Buck looked at himself in the bathroom mirror. It was worse than he thought, and he prayed the so-called clinic he had visited at least had a modicum of sterility. The stitching looked professional enough, but he was a mess. The whites of his eyes were full of blood. His face was a patchwork of colors, none close to his complexion. He was glad Chloe didn’t have to see him like this.

He locked the bedroom door, let his clothes fall by the bed, and stretched out painfully. And heard the soft chirp of his phone. It had to be Chloe, but he didn’t want to stand up again. He rolled over, reached for his pants, and as he struggled to free the phone from the back pocket, his weight shifted, and he tumbled out of bed.

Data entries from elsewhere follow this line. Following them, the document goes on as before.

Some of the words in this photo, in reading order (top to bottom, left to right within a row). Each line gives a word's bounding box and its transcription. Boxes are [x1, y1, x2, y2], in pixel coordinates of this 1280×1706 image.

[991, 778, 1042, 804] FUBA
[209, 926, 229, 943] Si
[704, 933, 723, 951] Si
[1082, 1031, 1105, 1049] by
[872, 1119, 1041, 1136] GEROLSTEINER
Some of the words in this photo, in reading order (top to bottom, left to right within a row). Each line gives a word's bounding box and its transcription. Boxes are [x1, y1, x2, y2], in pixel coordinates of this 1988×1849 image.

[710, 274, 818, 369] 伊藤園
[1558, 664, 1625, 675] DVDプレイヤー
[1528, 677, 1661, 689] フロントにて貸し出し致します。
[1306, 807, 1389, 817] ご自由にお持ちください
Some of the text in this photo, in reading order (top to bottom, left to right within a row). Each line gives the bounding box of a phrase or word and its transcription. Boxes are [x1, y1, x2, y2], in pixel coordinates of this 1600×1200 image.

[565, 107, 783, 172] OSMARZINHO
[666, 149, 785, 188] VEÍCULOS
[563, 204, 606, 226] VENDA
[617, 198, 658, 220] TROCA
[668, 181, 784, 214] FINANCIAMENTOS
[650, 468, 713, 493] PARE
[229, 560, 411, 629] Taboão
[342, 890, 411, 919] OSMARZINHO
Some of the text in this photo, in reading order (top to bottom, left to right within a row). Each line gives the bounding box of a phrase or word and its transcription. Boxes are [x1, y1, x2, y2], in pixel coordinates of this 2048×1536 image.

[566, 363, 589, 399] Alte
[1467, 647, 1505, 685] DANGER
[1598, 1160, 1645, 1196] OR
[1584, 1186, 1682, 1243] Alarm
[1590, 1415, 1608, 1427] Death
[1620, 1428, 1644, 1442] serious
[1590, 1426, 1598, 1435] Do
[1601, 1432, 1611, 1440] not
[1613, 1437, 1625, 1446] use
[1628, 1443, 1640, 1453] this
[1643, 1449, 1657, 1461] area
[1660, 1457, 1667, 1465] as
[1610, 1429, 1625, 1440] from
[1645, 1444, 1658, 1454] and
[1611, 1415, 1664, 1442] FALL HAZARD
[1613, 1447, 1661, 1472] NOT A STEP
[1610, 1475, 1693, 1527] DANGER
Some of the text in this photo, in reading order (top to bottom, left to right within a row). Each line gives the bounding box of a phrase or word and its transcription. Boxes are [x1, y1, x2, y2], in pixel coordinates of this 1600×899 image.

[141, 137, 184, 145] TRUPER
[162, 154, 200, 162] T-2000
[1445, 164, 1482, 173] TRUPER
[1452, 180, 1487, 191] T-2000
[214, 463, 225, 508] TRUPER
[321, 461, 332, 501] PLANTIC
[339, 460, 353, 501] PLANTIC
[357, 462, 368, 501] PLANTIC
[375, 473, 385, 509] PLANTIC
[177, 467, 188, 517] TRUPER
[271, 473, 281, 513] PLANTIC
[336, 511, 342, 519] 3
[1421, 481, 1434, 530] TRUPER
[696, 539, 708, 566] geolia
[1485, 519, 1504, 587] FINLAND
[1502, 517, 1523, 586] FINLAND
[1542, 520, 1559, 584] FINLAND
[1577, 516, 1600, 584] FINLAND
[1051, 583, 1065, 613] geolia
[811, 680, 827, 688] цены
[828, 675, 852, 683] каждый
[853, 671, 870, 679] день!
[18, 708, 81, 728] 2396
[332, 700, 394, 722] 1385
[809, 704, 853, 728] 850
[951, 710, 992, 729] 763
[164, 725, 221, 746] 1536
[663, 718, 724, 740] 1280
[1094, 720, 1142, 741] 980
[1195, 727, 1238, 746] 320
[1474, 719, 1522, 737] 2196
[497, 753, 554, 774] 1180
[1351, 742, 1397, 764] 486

He wasn’t hurt, but the racket woke Chaim. As Buck answered his phone, he heard Chaim crying over the intercom: “Jonas! Jonas! Intruders!”

By the time it was sorted out, he and Chloe were up-to-date, Chaim had heard the whole story, and the sun was beginning to peek over the horizon. It was agreed that Chloe and Tsion and Rayford would go on home to Mount Prospect and that Chaim would work on finding a way for Buck to get back when he had recuperated.

Chaim was even angrier than Buck had seen him on the phone to Leon. He said the TV news had been running and rerunning the videotape of Buck talking with the GC guard who was killed a few seconds later. “The tape makes it obvious you were unarmed, that he was fine when you left him, and that you neither turned around nor returned. He fired over your head, and moments later he was spun around by bullets from high-powered rifles at close range. We all know they had to have come from the weapons of his own compatriots. But it will never get that far. It will be covered up, he will be accused of working with you or for you, and who knows what else will come of it?”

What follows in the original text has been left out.